1971年12月、今野雄二(故人)からの電話があり、当時の「平凡パンチ」や「an an」の編集者が企画した英国旅行に空席があることを知らされ初の海外旅行をする。大晦日にロンドンの「マーキー」で催されたヴィネガー・ジョー(ロバート・パーマーが在籍)を前座にすえたウィッシュボーン・アッシュのコンサートを見た。ライナーノーツなどを書いて貯めたお金で、72年にサンフランシスコに行き半年住む。ビル・グラハム運営の「ウインターランド」に通い、グレートフル・デッド、マイク・ブルームフィールド、ボズ・スキャッグスなどを週末ごとに見に行き、カリフォルニア大学バークレー校に集まるヒッピーたちとも交流した。

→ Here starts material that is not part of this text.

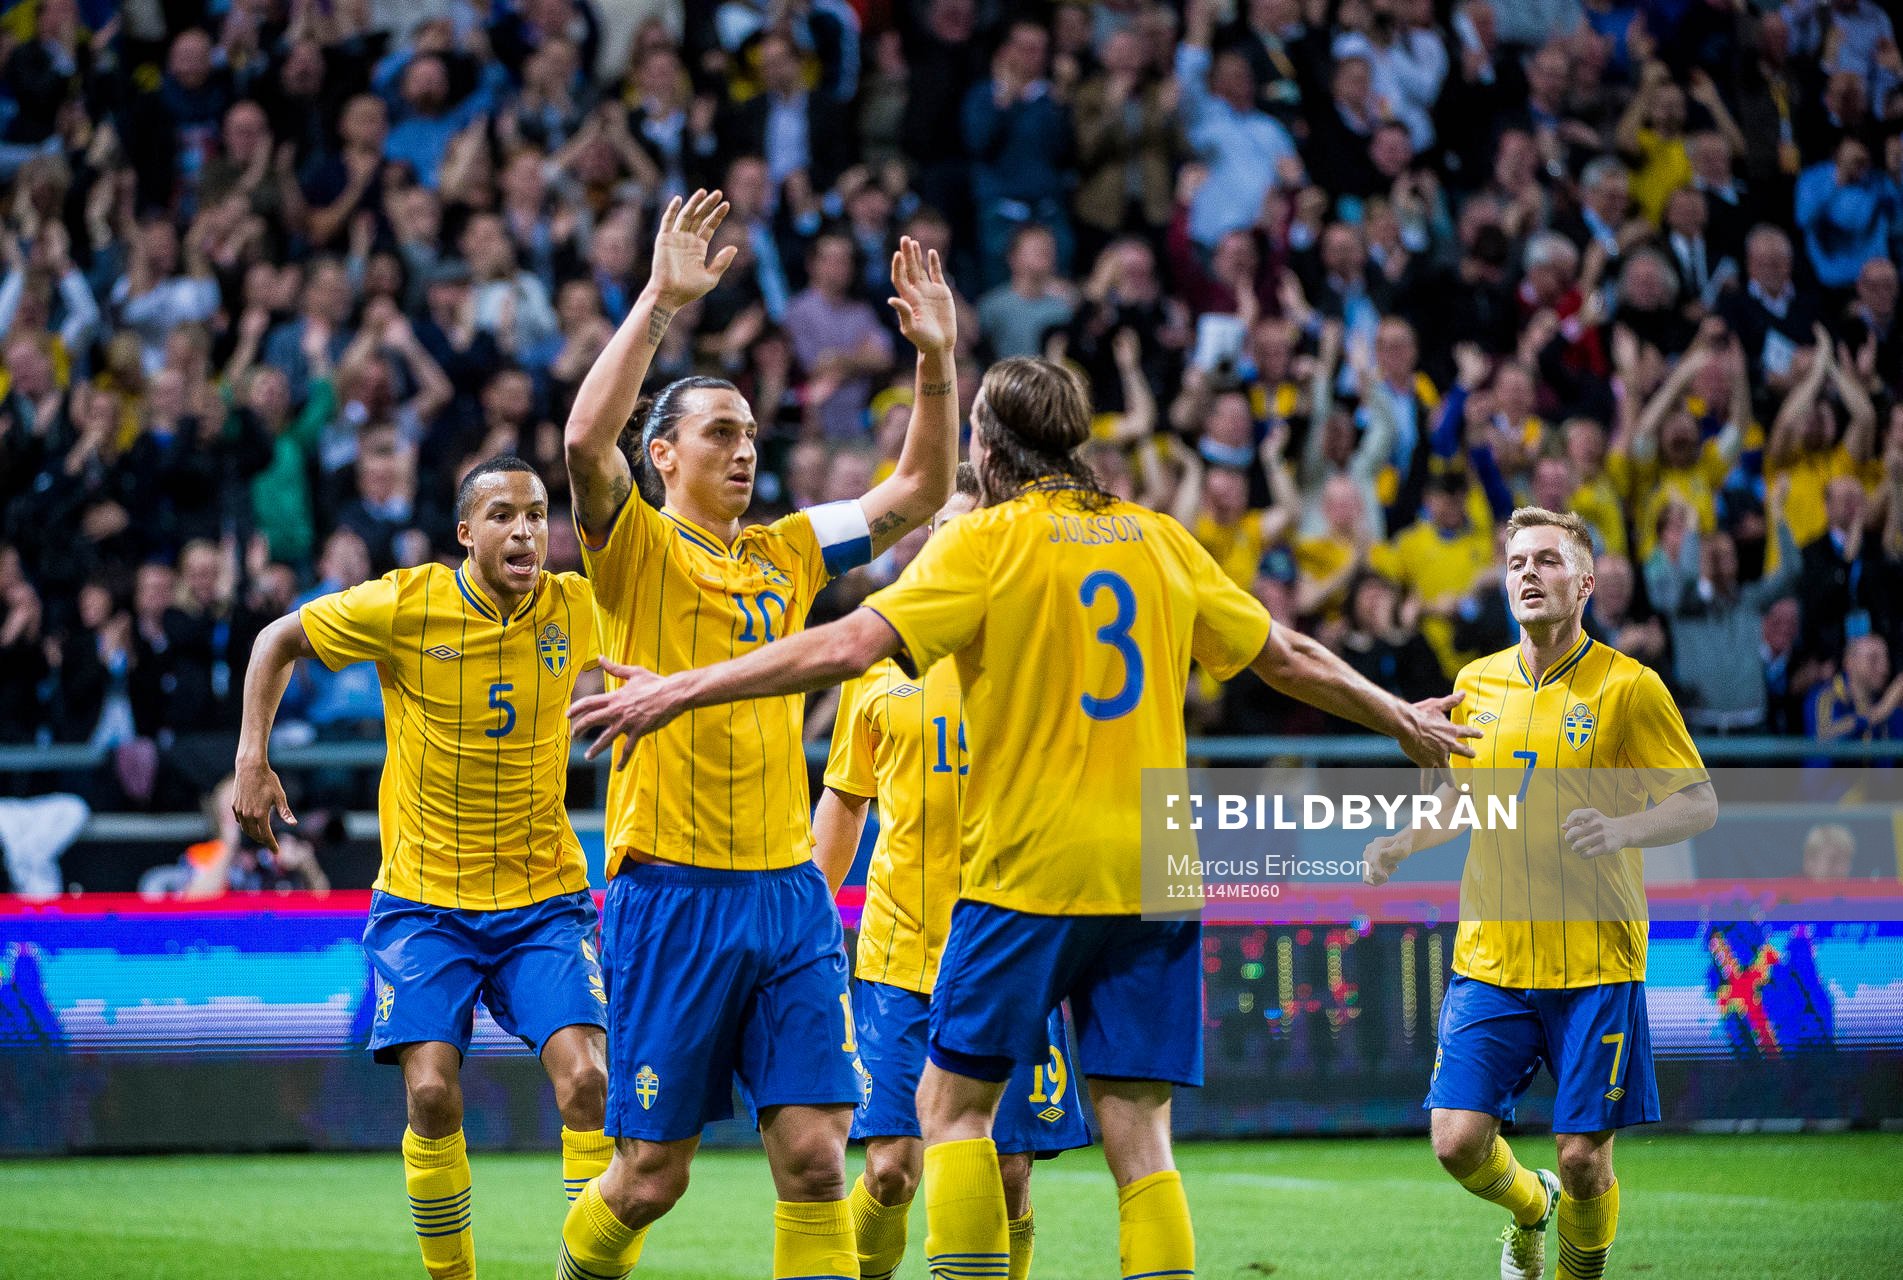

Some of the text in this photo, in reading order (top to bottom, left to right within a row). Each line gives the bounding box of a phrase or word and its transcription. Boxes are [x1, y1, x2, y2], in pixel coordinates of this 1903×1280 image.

当時は海外に行ってコンサートを見る音楽評論家はまだ少なく、帰国すると「平凡パンチ」「MCシスター」などにもアメリカ・レポートを書いた。
フリーランスとして3年間仕事をしていた時期、既成の音楽雑誌に満足できない若者たちと当時「ミニコミ」と呼ばれていた冊子「Revolution」を発行し、そのグループに渋谷陽一もいた。
フリーランス時代の活動に注目した新興楽譜出版社の草野昌一社長に「また会社に戻る気はないか」と説得され再入社。「ミュージック・ライフ国際版」「プラスワン」などのサブ・マガジンを編集していた。1974年1月、ボブ・ディランがザ・バンドと共にカムバック・コンサートをするのを取材したい、と草野社長に申し入れたが「ボブ・ディランの記事を書いても売れない」とまたも却下される。しかし「今年の冬のボーナスは出さないから、それでも行きたいのなら」と妥協案を出され、シカゴでボブ・ディランを、サンフランシスコでジ・オールマン・ブラザーズ・バンドのコンサートを見た。このように、好きなバンドはとことん追いかけるという水上の姿勢は引退後も続いている。
1974年2月、草野社長に「ニューヨークに遊学させてほしい」と申し入れると、給料を払い続けるからアメリカで勉強してこいと許可がおり、ニューヨークに住みはじめる。ニューヨークでは人気上昇中のブルース・スプリングスティーンと出会い、デビュー前の多くのパンク・ミュージシャンと友だちになり、伝説となったキング・クリムゾンのコンサートを見るなど大きな収穫を得た。この時に撮影したクリス・フランツ(Talking Heads)の写真は、2020年に発表された彼の自伝「Remain In Love」に使用されている。
ニューヨーク在住期、テレヴィジョンのドラマー、ビリー・フィッカと交際。彼がトム・ヴァーレインとルームシェアしていたアパートに住み始め、そこでパティ・スミスと会う。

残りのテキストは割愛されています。